China’s most popular ride-hailing service platform, DiDi recently got into trouble involving a huge data probe. According to reports, Chinese regulators had specifically asked DiDi Global Inc. to delay its U.S. Initial Public Offering because of national security concerns. The warning was given as early as three months ago and the concerns involved a huge data probe, as mentioned in a report by Bloomberg Quint.
The Chinese authority, Cyberspace Administration of China conveyed the information, rather warning, in a meeting between DiDi and the regulators. The Chinese regulators were concerned over a massive trove of data potentially falling into foreign hands i.e., the United States, and the report mentioned that as a result of this IPO, there is a greater risk of public disclosure associated with the U.S. public listings, according to the Wall Street Journal.
Despite being previously informed by the Chinese cybersecurity watchdogs, the ride-hailing company went ahead with its landmark U.S. Initial Public Offering that raised them over USD 4.4 billion. However, the happiness was short-lived as just two days later, the cybersecurity watchdog announced a probe of the firm and reportedly banned it from adding more users to the app. According to sources, this was the second-largest debut by a Chinese company in U.S. history.

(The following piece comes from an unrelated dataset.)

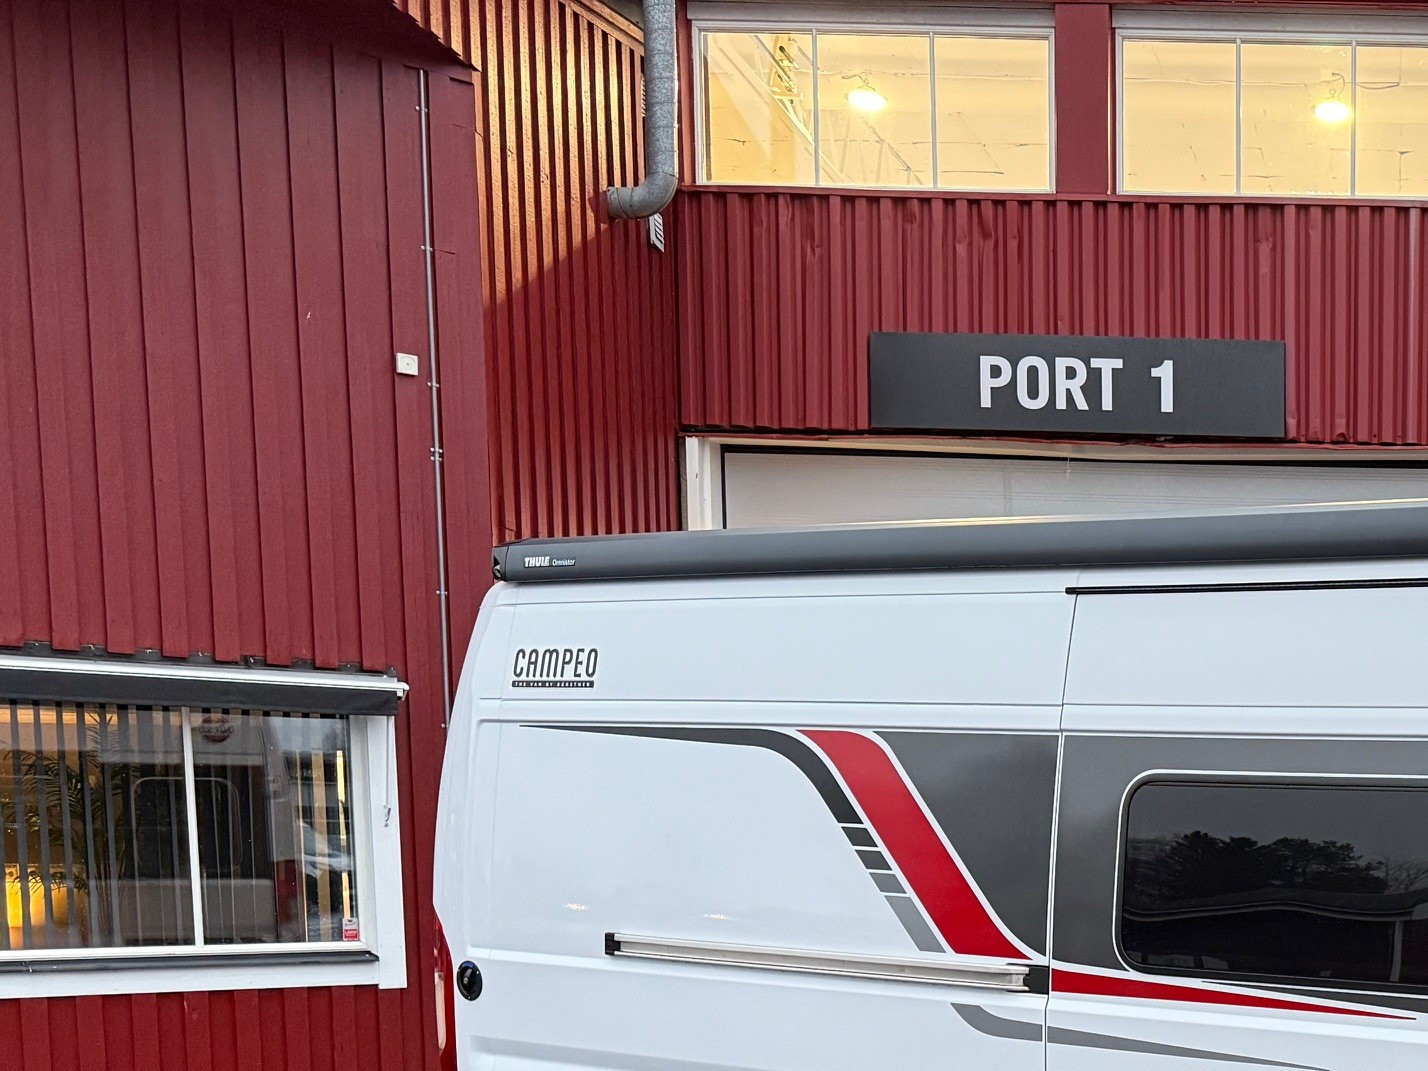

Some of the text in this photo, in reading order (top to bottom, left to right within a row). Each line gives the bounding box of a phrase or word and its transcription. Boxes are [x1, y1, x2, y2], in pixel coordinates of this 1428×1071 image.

According to a report by Bloomberg Quint, as the Chinese regulators knocked DiDi with a massive cybersecurity probe, several questions arise but only one is of the essence at the moment, when DiDi knew about the potential intensions of the Chinese cybersecurity watchdog before the Initial Public Offering, why did it go ahead with its Initial Public Offering? Should the company have been more forthcoming in its disclosures to investors?
As obvious as it is, a probe into China’s most popular ride-hailing service came as a shock to investors and it has even affected some of the company’s shareholders as well. The worry continues as industry analysts and investors speculate that this massive probe into the Chinese company will give Xi Jinping another missile for his campaign against China’s internet giants.

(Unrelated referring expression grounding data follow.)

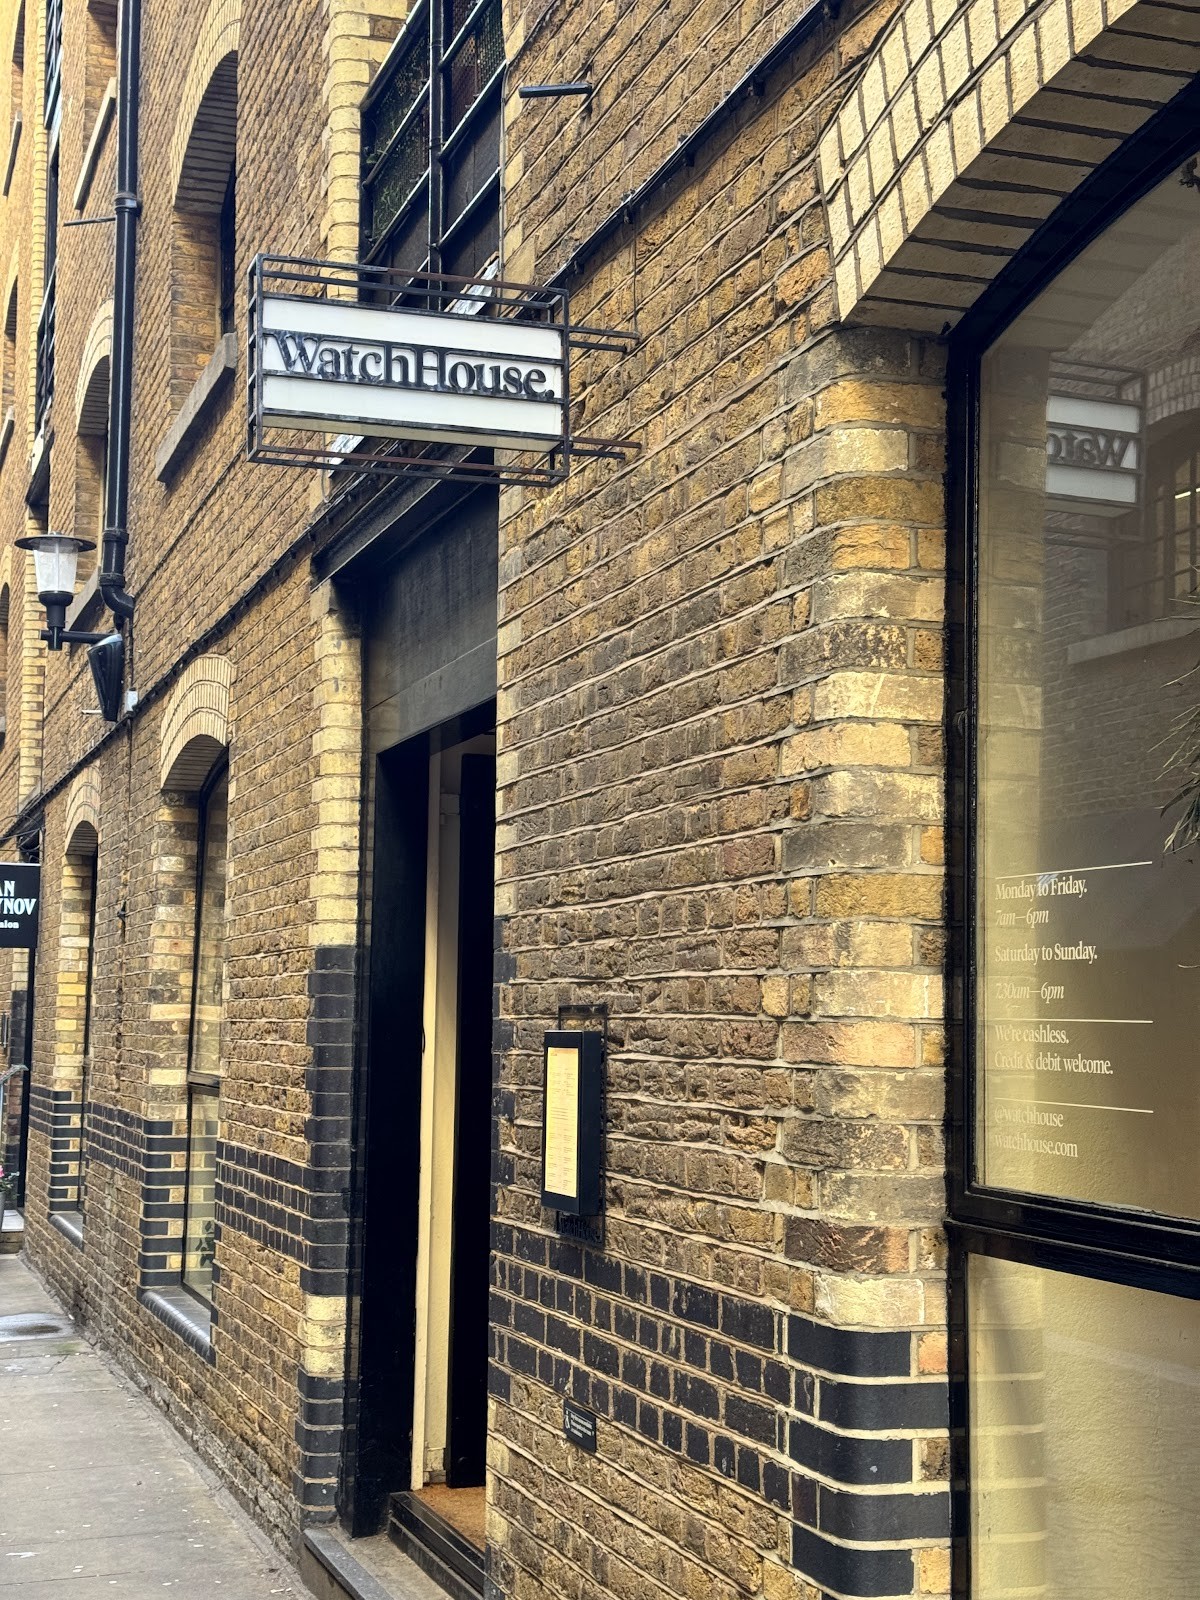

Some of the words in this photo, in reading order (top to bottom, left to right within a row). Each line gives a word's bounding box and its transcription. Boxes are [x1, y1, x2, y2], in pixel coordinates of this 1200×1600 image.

[0, 880, 15, 897] N
[995, 880, 1036, 901] Monday
[1037, 883, 1049, 896] to
[1050, 875, 1087, 898] Friday.
[995, 943, 1040, 965] Saturday
[1041, 947, 1052, 960] to
[1054, 941, 1097, 964] Sunday.
[1024, 1025, 1069, 1044] cashless.
[995, 1052, 1024, 1069] Credit
[1026, 1053, 1035, 1070] &
[1036, 1053, 1062, 1072] debit
[1063, 1054, 1113, 1074] welcome.
[995, 1105, 1064, 1127] @watchhouse
[995, 1132, 1078, 1157] watchhouse.com

As mentioned in a report by Bloomberg Quint, Xiaomeng Lu, senior analyst, geo-technology for Eurasia Group mentioned in a statement that this marks the first high-profile use of China’s cybersecurity review mechanism and it will also raise questions on the company’s personal data collection practice.
Furthermore, it is not unknown that there are geopolitical tensions between China and the United States and the timing of the probe clearly suggests that China is not comfortable showing off its cards in the U.S. IPOs, especially with the tensions only escalating between the two national states.